While Boris was making the tea, Joe ventured to pick up a book, not so much to read it as to collect his distracted thoughts. He found one of Boris’s cards in it, used as a marker, and this he examined attentively.

‘Where do you get your visiting cards printed?’ he asked. ‘Excuse my saying it, but it’s much better printed than mine. Look at the difference.’ He produced one of his own.

‘That is quite dreadful,’’ said Boris frankly. ‘You must have a die made. Mine is not printed; it is copperplate. That is the way cards should be done. No other way.’

‘Oh, I see. That’s quite a thing to know. Can I take one of yours for a pattern? Better than trying to explain.’

‘Of course,’ said Boris, taking one out of his pocket book. ‘I have my die at Asprey’s, a shop in Bond Street.’

‘Oh!’ said Joe, in a hushed voice. He had looked in at the windows but had never known anyone who had ventured inside.

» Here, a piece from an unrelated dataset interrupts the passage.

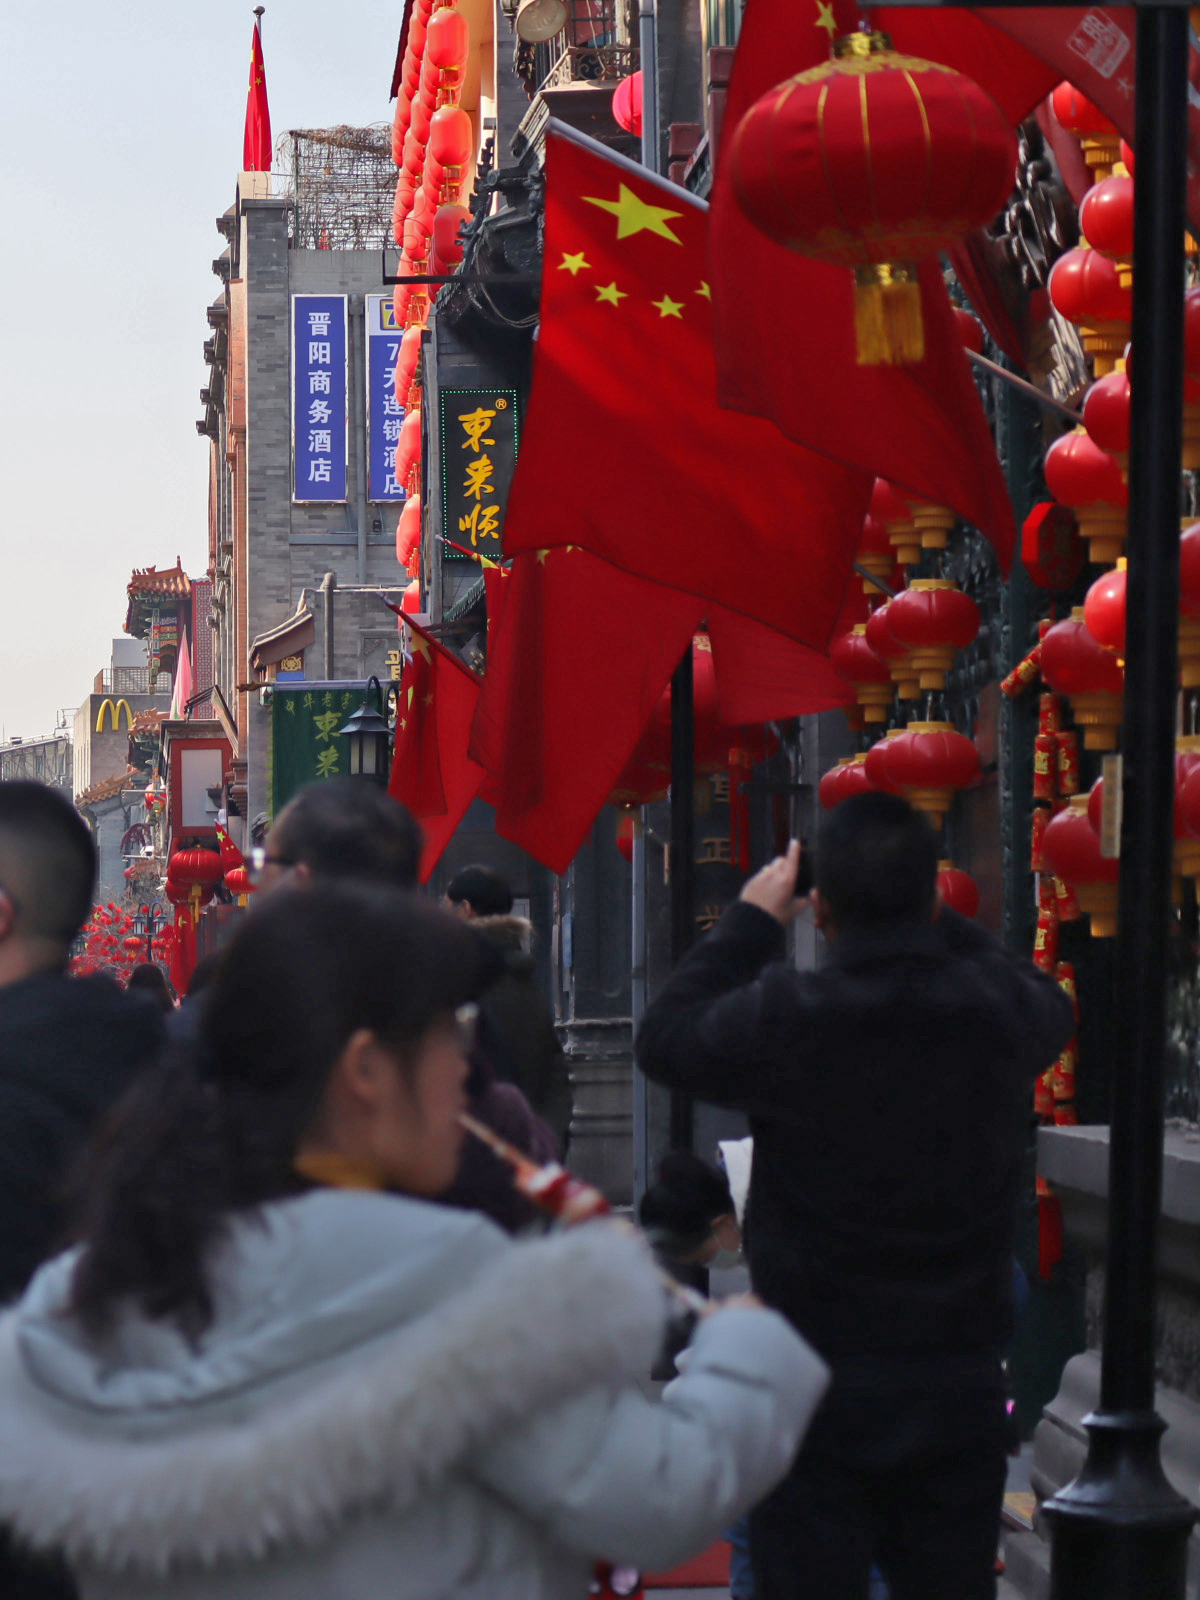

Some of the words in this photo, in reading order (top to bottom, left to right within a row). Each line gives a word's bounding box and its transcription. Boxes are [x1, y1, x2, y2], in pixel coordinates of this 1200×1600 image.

[308, 312, 332, 482] 晋阳商务酒店

Boris had been invited several times by Lady Gertrude since keeping the appointment for three o’clock that Wednesday afternoon. He had dined, and sung afterwards to a few guests without a fee, and again he had dined and sung to her alone. She was going to introduce him to Covent Garden, where she had, it was said, great influence. Mrs Chalvey had gracefully resigned, so that Lady Gertrude had the field to herself. And Peter was having lessons with Victor.

On the eighth, the day of Joe’s wedding and the At Home, Boris was asked to lunch with Lady Gertrude — very lightly, she said. He would have liked to refuse, as he never ate before singing, but, boring though he found her, he dared not risk offending her. There was no one else at lunch, and after coffee he suddenly apprehended Lady Gertrude. A film like a snail’s track over the yellow old eyes — a clutching of withered acquisitive hands — and a nauseating scent enveloping him — there was nothing to do but to escape quickly. He left her without a word, opening the door quite quietly, shutting it gently behind him, and crept down the stairs into the hall, took his top hat and music case, and so into the street. He plunged along the pavement till, seeing a taxi, he hailed it as though it were a life-boat and he on a foundering ship. Then he sat back and wiped his forehead with his best silk handkerchief.

‘That is the end of Lady Gertrude, and my career too, I suppose. But the limit is reached. Disgusting old woman! Someone should murder her; someone will … Blackmailers! They think we cannot refuse them and they insult us.’ His thoughts turned to Nina and the cold insolence of Mrs Chalvey.

‘Nina! And she is being married today; after all, I can go to her wedding.’ A present had never occurred to him, and he had nothing in his pocket but his taxi fare. ‘Perhaps they will welcome me even without a present.’ He gave Joe’s address to the driver.

The door was open and he went upstairs. He had been to Joe’s rooms before and knew that ‘rooms’ meant a small bed-sitting room. There was no answer to his knock; he was too early.

‘I shall wait and surprise them.’

He went in, with an ‘Ah-h!’ of amusement, for Joe had decorated his room like a Christmas tree; in the middle of a table of pies and confectionery the wedding-cake waited in frozen calm for the touch of the bride. He tiptoed in the silence of the small festive room that was now to be Nina’s home, with a difference. He pictured her in her wedding frock; it would not become her dark skin, and the devilish glint in the deep eyes would mock the virginal whiteness.

So they had achieved some presents, he was glad to see. There were a few objects arranged on a small table with cards attached. A pair of hideous vases, which seemed familiar, dominated the rest. Beneath them he was surprised to find his own card, prominently displayed. He read:

To my dear friends Nina and Joe,

With best wishes for their future happiness.

Boris Ivanovitch Petrov

Of course, he remembered those vases; they came off the mantelpiece in this room. For the second time that day he must escape quickly and quietly, this time fearing to meet the wedding party, and confuse the bridegroom.

He would not see Nina with her wicked smile, wearing her white frock, after all.